# Can i run SE cable under floorjoists?



## shnorse (Feb 9, 2010)

Can i run #6 or 4 SER cable under floor joists in a basement of a residential home, with floor joists 16" apart instead of drilling. According to the NEC code.


----------



## william1978 (Sep 21, 2008)

Sure as long as you rate the wire for 60 degrees.


----------



## manchestersparky (Mar 25, 2007)

article 338.10(B)(4) says that interior installations shall comply with part II of article 334
Article 334.15 (C) says it shall be permissible to secure cables not smaller then 2 # 6 awg or 3 # 8 awg conducotrs directly to the lower edges of the joists.

So to answer your question - Yes you can


----------



## shnorse (Feb 9, 2010)

Ok so I can cross the joists and avoid drilling. Makes it much easier.. Thanks!


----------



## william1978 (Sep 21, 2008)

shnorse said:


> Ok so I can cross the joists and avoid drilling. Makes it much easier.. Thanks!


 What code cycle are you on?


----------



## shnorse (Feb 9, 2010)

2005 code


----------



## egads (Sep 1, 2009)

Just remember, can and should are two different things. In a basement, that cable will be used to hang things after you are gone.


----------



## william1978 (Sep 21, 2008)

shnorse said:


> 2005 code


 Ok, you are fine then. 2008 has a change where you have to bore out under the house. Looking for a code ref. Don't know it right off hand they ammended that one here.


----------



## GitRDoneElectric (Feb 9, 2010)

*CL*

It also makes a good clothes line.




$999 service upgrade specialist.
restrictions apply


----------



## NolaTigaBait (Oct 19, 2008)

william1978 said:


> Ok, you are fine then. 2008 has a change where you have to bore out under the house. Looking for a code ref. Don't know it right off hand they ammended that one here.


I've never heard of this.


----------



## jwjrw (Jan 14, 2010)

NolaTigaBait said:


> I've never heard of this.[/quot
> 
> 
> Yea big stink over that here thank god we didnt accept it.


----------



## william1978 (Sep 21, 2008)

nolatigabait said:


> i've never heard of this.


 334.15(c) 2008


----------



## william1978 (Sep 21, 2008)

GitRDoneElectric said:


> It also makes a good clothes line.
> 
> 
> 
> ...


 OK.........:001_huh:


----------



## NolaTigaBait (Oct 19, 2008)

william1978 said:


> 334.15(c) 2008


I thought you were talking about the larger cables, misunderstood.


----------



## kwired (Dec 20, 2009)

egads said:


> Just remember, can and should are two different things. In a basement, that cable will be used to hang things after you are gone.

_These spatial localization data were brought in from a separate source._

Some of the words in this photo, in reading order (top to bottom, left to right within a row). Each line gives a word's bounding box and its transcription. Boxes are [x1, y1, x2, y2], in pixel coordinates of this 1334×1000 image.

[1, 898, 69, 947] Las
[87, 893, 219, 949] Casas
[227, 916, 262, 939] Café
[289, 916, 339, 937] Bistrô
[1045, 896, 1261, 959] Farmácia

better to run through joists so when hanging things on the cable it does not pull the staples out.:yes:


----------



## william1978 (Sep 21, 2008)

kwired said:


> better to run through joists so when hanging things on the cable it does not pull the staples out.:yes:


 New Guy making a funny.:laughing:


----------



## Speedy Petey (Jan 10, 2007)

shnorse said:


> 2005 code


Not in a one or two family dwelling in NYS you're not. :no:

2007 Resi Code of NYS.


----------



## kwired (Dec 20, 2009)

william1978 said:


> New Guy making a funny.:laughing:


Why should just the old guys have all the fun? BTW not all that new at viewing just at posting.


----------



## william1978 (Sep 21, 2008)

kwired said:


> Why should just the old guys have all the fun? BTW not all that new at viewing just at posting.

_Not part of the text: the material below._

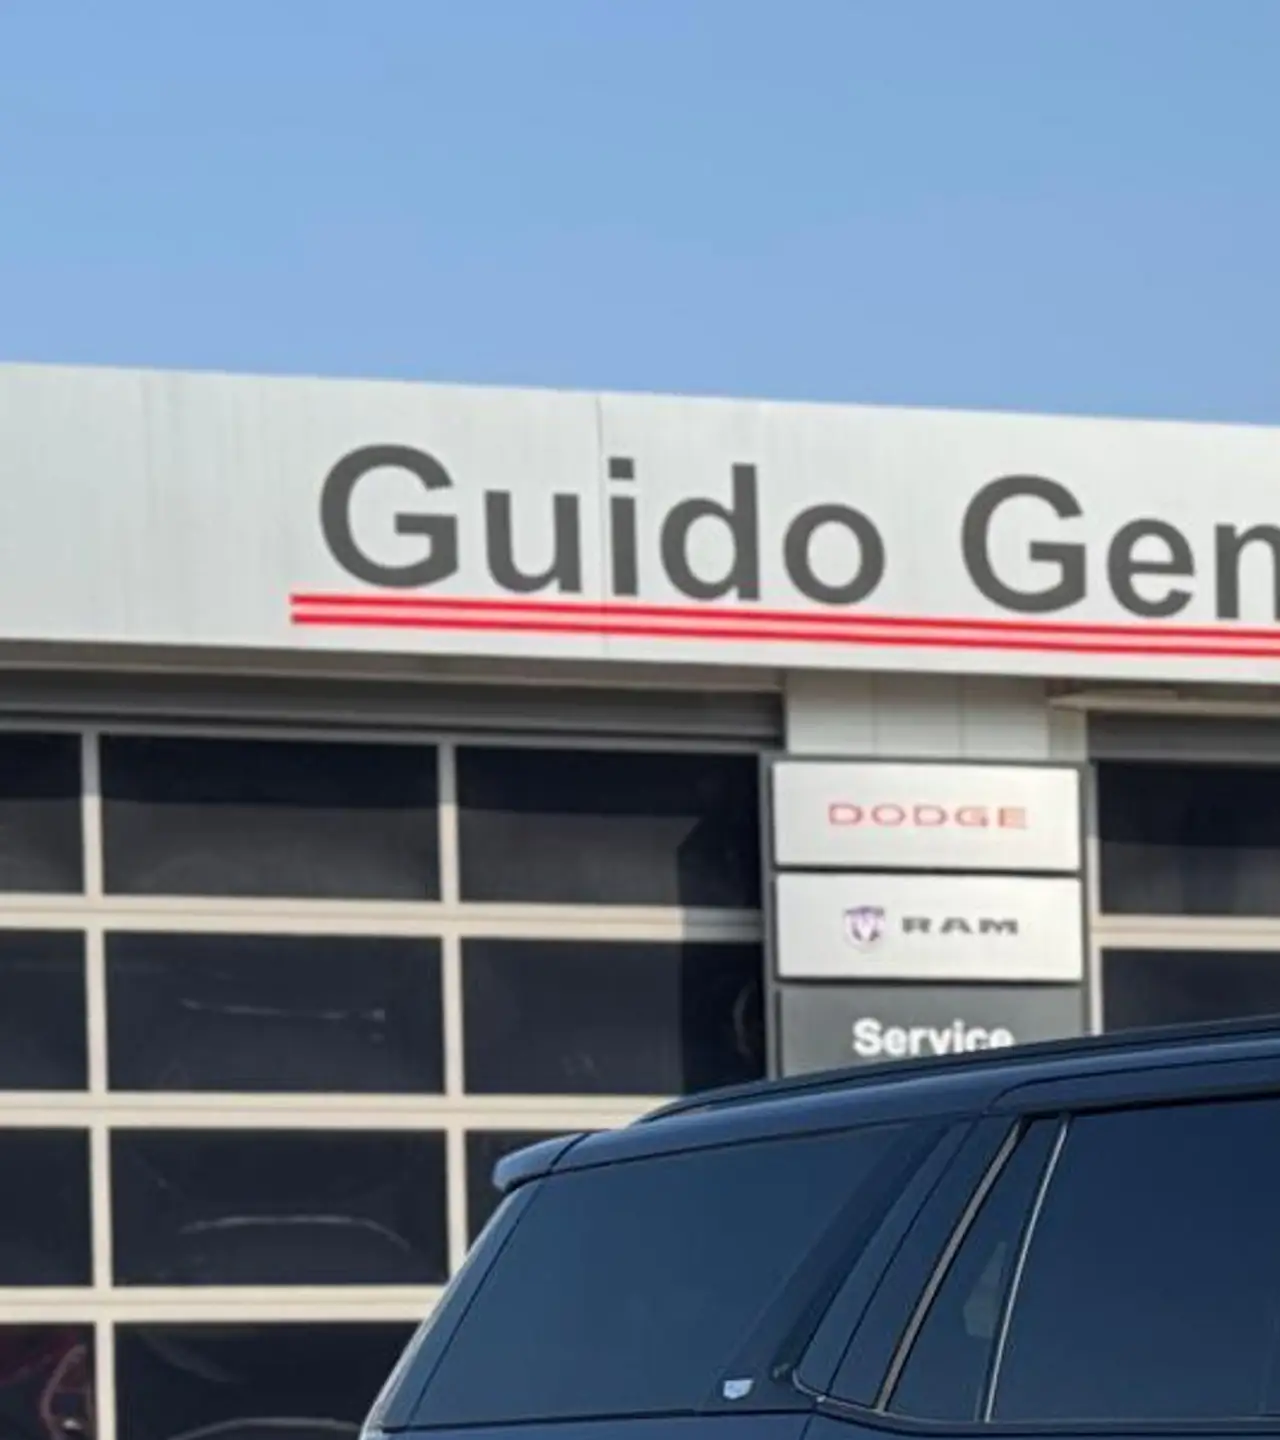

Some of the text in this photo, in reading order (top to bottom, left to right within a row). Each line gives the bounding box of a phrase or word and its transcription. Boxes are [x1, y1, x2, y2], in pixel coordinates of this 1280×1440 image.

 Post anytime, and welcome to the forum.:thumbsup:


----------



## shnorse (Feb 9, 2010)

so with this much controversy i should just call and ask the local inspector?


----------



## william1978 (Sep 21, 2008)

shnorse said:


> so with this much controversy i should just call and ask the local inspector?


 That would work also.


----------



## user4818 (Jan 15, 2009)

GitRDoneElectric said:


> $999 service upgrade specialist.
> restrictions apply


Does this price apply to upgrades from 2000 to 4000 amps at 480 volts?


----------



## TOOL_5150 (Aug 27, 2007)

Peter D said:


> Does this price apply to upgrades from 2000 to 4000 amps at 480 volts?


That might be part of the "restrictions apply"

~Matt


----------



## jwjrw (Jan 14, 2010)

TOOL_5150 said:


> That might be part of the "restrictions apply"
> 
> ~Matt


 

What you cant compete with 2000a service upgrade for 999.95?:laughing:


----------



## manchestersparky (Mar 25, 2007)

The code that allows the larger cables ( 2 #6 or 3#8 or larger) to be run on the lower edges of the joists has been in the code for a while. I looked in my 1978 and the wording was the same as in the 2008. 
The change that came to that section was the part about smaller cables having to be run through drill holes.

As far as folks using the cables to hang stuff on : Does it make any difference if the cable is on the bottom of the joist or 1 1/4 " higher up ?
NO Not from what I seen.


----------



## manchestersparky (Mar 25, 2007)

shnorse said:


> so with this much controversy i should just call and ask the local inspector?


What makes you think you didn't ? (Of course I'm not local to you)


----------



## electricmanscott (Feb 11, 2010)

shnorse said:


> so with this much controversy i should just call and ask the local inspector?


Or you can just look in the NEC. Ok to run that SE along the bottom of the joists. No need to drill, no need for running boards. I don;t know what the controversy is. I think it is more misinformation than anything else.


----------



## LGLS (Nov 10, 2007)

electricmanscott said:


> Or you can just look in the NEC. Ok to run that SE along the bottom of the joists. No need to drill, no need for running boards. I don;t know what the controversy is. I think it is more misinformation than anything else.


It's defensive roughing.


----------